Page 2

Story: Dead Rinker

He hums in appreciation and steps even closer. My back is against the bar, and he’s standing in front of me. Another few inches and his body will be pressing into mine. “Are you here alone, Kate?” he asks in a lecherous voice.

Alone? I fucking hate that word. It frames my life.

I look up at him and narrow my eyes. “Why do you ask? Does it affect your next move?”

He chuckles quietly. “Well, if you’re here with another guy, then yes.”

“No guy with me. But I have no plans on leaving with someone tonight.”

I look over at Jensen again. He still has his hand above Red’s ass and his back firmly to me, like I don’t even exist.

“Can I do anything to change your mind?”

I shake my head. “No. I don’t leave with strangers.”
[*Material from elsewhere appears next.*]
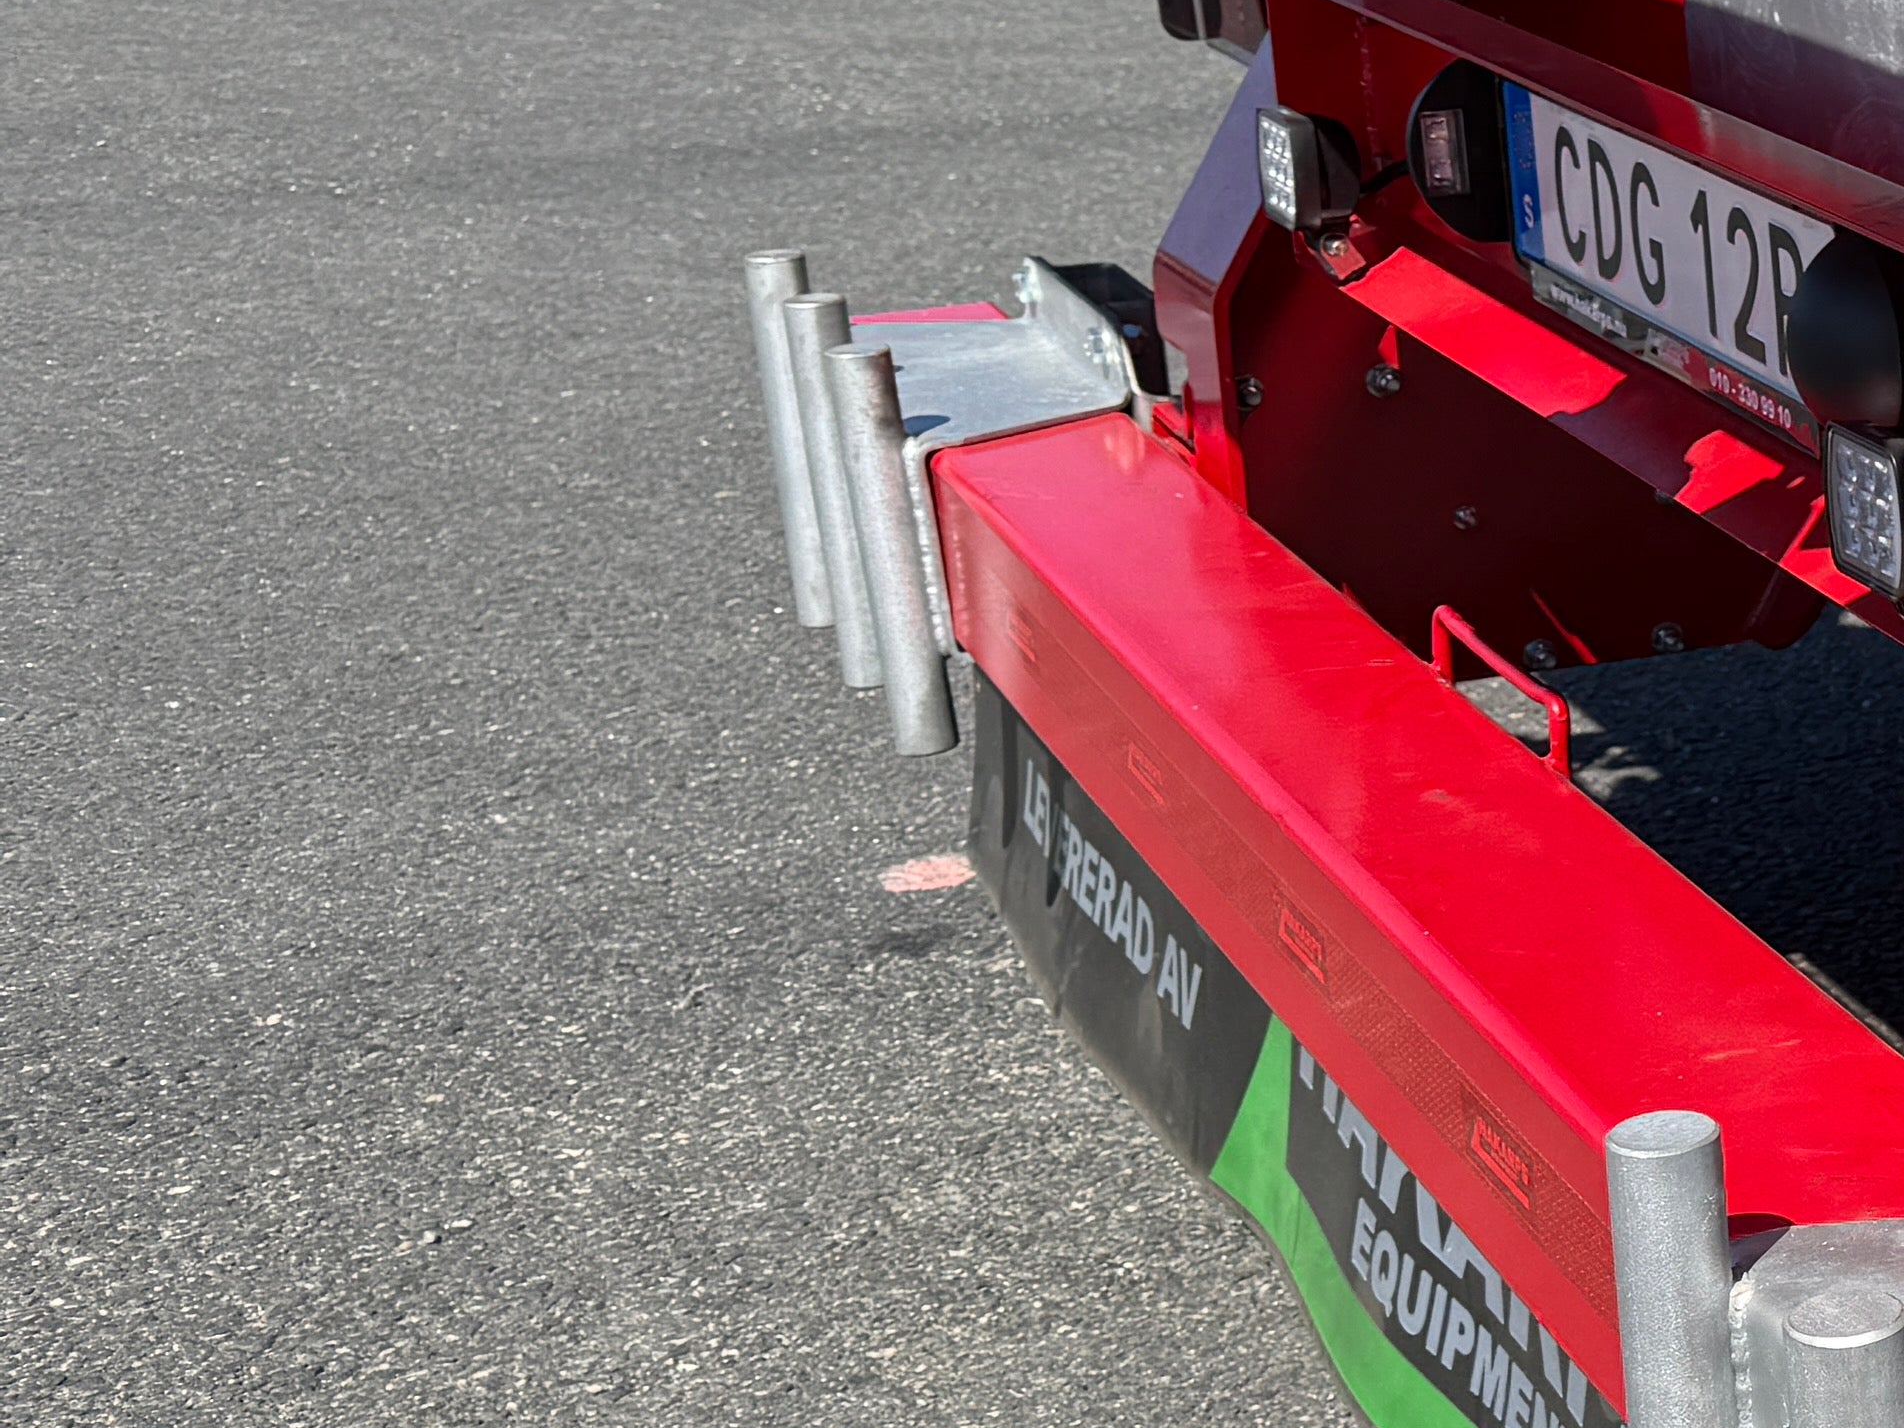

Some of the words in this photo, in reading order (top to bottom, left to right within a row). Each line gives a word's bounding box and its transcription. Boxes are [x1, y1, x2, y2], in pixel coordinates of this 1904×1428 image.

“I wouldn’t say I’m a stranger anymore.”

Fuck me, Kate. You really got yourself into something here.

I pat him on the shoulder and go to turn my back, but just as I do, I catch a flash of red moving across the bar.

He’s fucking taking her home.

Right in front of me.

Bastard.

I fight to close my gaping jaw at the audacity of this man just as he looks over his shoulder and throws me a wink and a goddamn grin.

His tousled dark hair falls over his tanned forehead, and his deep brown eyes sparkle with satisfaction. And when he throws me what I know is a faux sweet smile, the dimple in his right cheek pops. He’s twenty feet away from me, but I know it’s there. And it pisses me off.

He pisses me off.

Jensen Jones is officially at the top of my shit list.

But as I turn to face the bar fully and wave at the barman to bring me another drink, I wish I could hold onto my rage.

Through the mass of people rammed into Riley’s Bar, I can still make out the way he helps the redhead into her jacket and then throws his arm over her shoulder. The streetlights outside make it unmissable.

That really fucking hurts.

He really fucking hurts.

Vulnerability shoots through me. We might be part of the same friend group, and my best friend might be dating his captain, but I’ll never go near Jensen Jones again.

That man is dead to me.

CHAPTER ONE

MAY, EIGHTEEN MONTHS LATER

KATE

“Hmmm, I think I’ve decided what to go for. The lobster thermidor looks great. What about you, sweetheart?” Tom slides his hand across the table and places it on top of mine. I look down at the tender connection, but I feel no affection.

What I do feel is terrible.

Tom is one of the kindest men I’ve ever met, and he deserves far more than I can offer him. He wants a wife and family, and he definitely wants to move things along with us after nine months of on-and-off dating.